# [What is needed]
Each entry below is to be reproduced exactly, though any pictures it holds must be omitted.

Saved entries
##############################
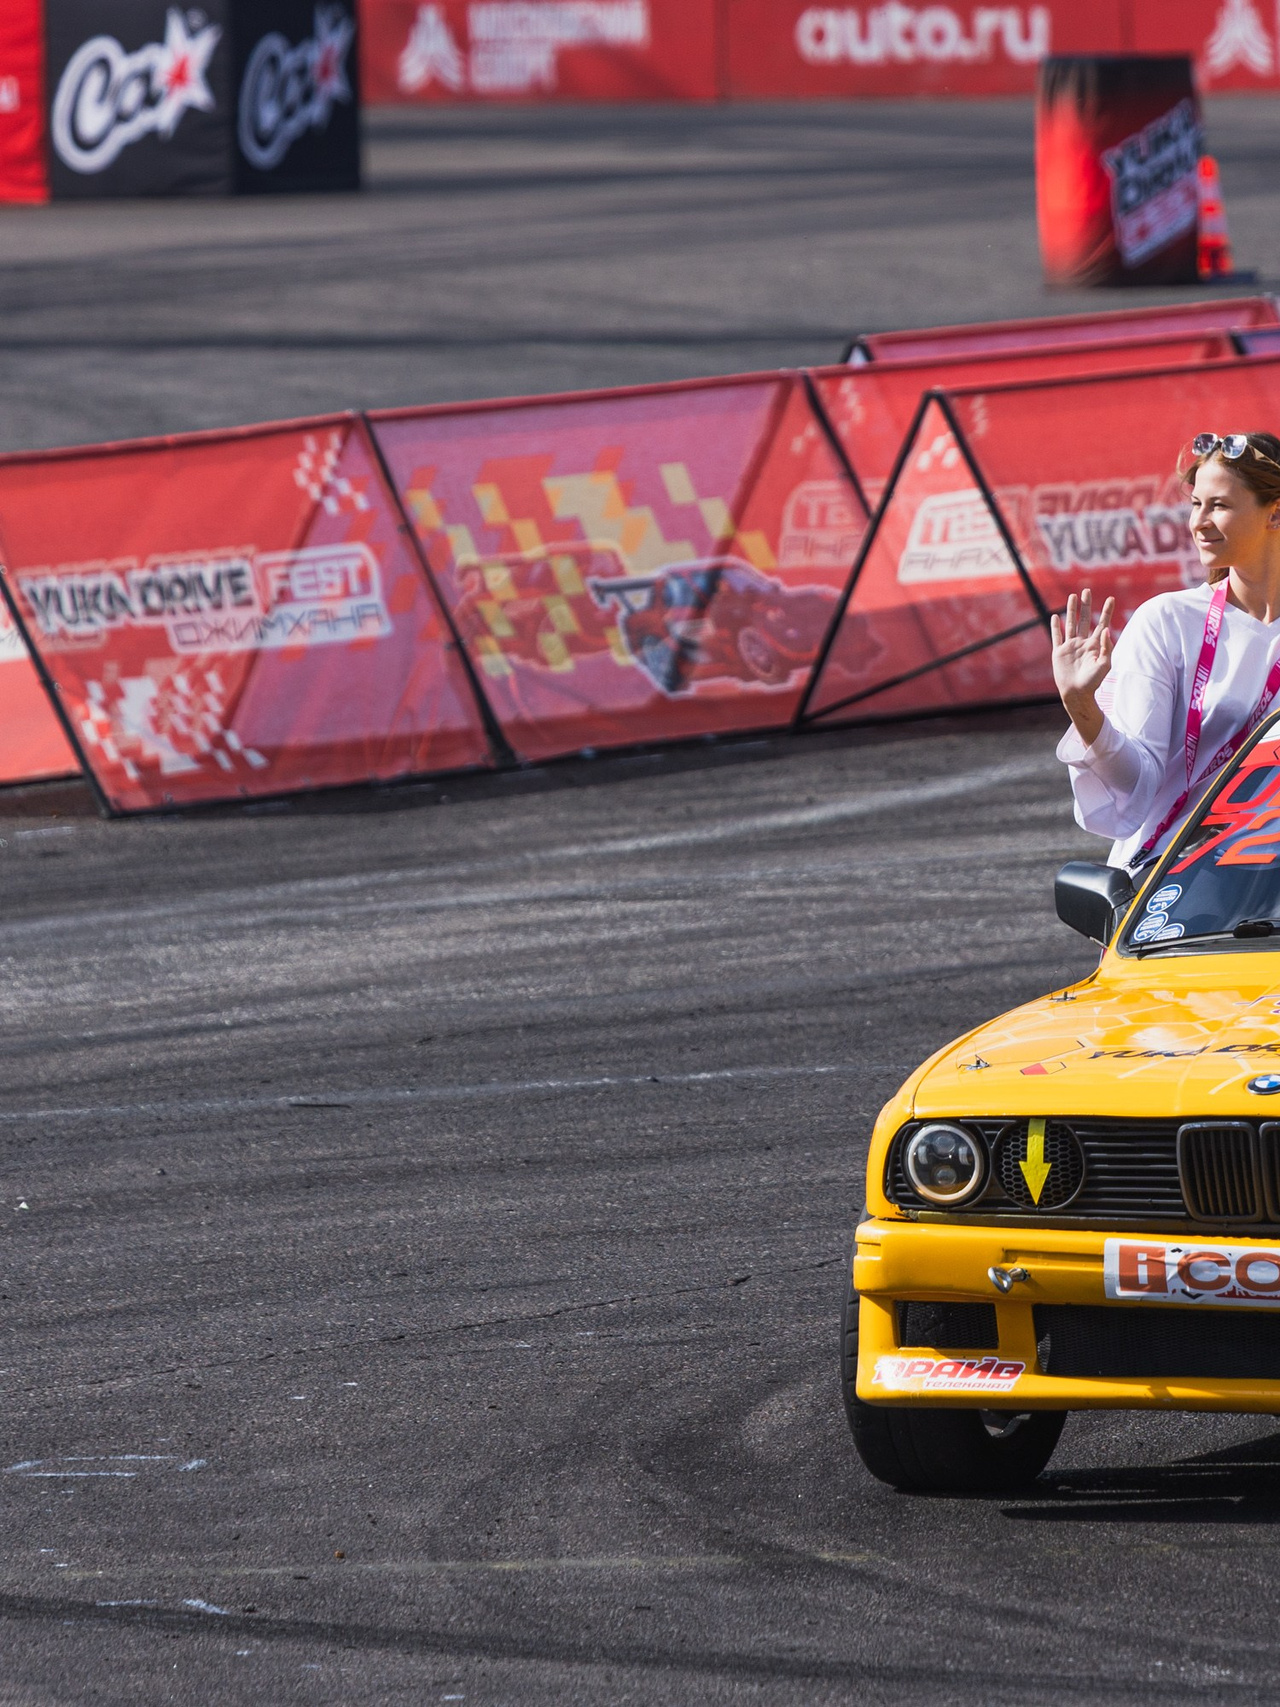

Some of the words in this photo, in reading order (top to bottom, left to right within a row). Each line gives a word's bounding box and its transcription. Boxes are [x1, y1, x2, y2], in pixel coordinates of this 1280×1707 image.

[796, 4, 1050, 64] auto.ru
[1042, 514, 1147, 565] YUKA
[28, 574, 133, 629] YUKA
[138, 564, 254, 618] DRIVE
[268, 557, 368, 602] FEST
[173, 602, 385, 646] ДЖИМХАНА
##############################
# [Written answer]
Some of the words in this photo, in reading order (top to bottom, left to right within a row). Each line gives a word's bounding box and its transcription. Boxes are [x1, y1, x2, y2], in pixel coordinates of this 1280×1707 image.

[796, 4, 1050, 64] auto.ru
[1042, 514, 1147, 565] YUKA
[28, 574, 133, 629] YUKA
[138, 564, 254, 618] DRIVE
[268, 557, 368, 602] FEST
[173, 602, 385, 646] ДЖИМХАНА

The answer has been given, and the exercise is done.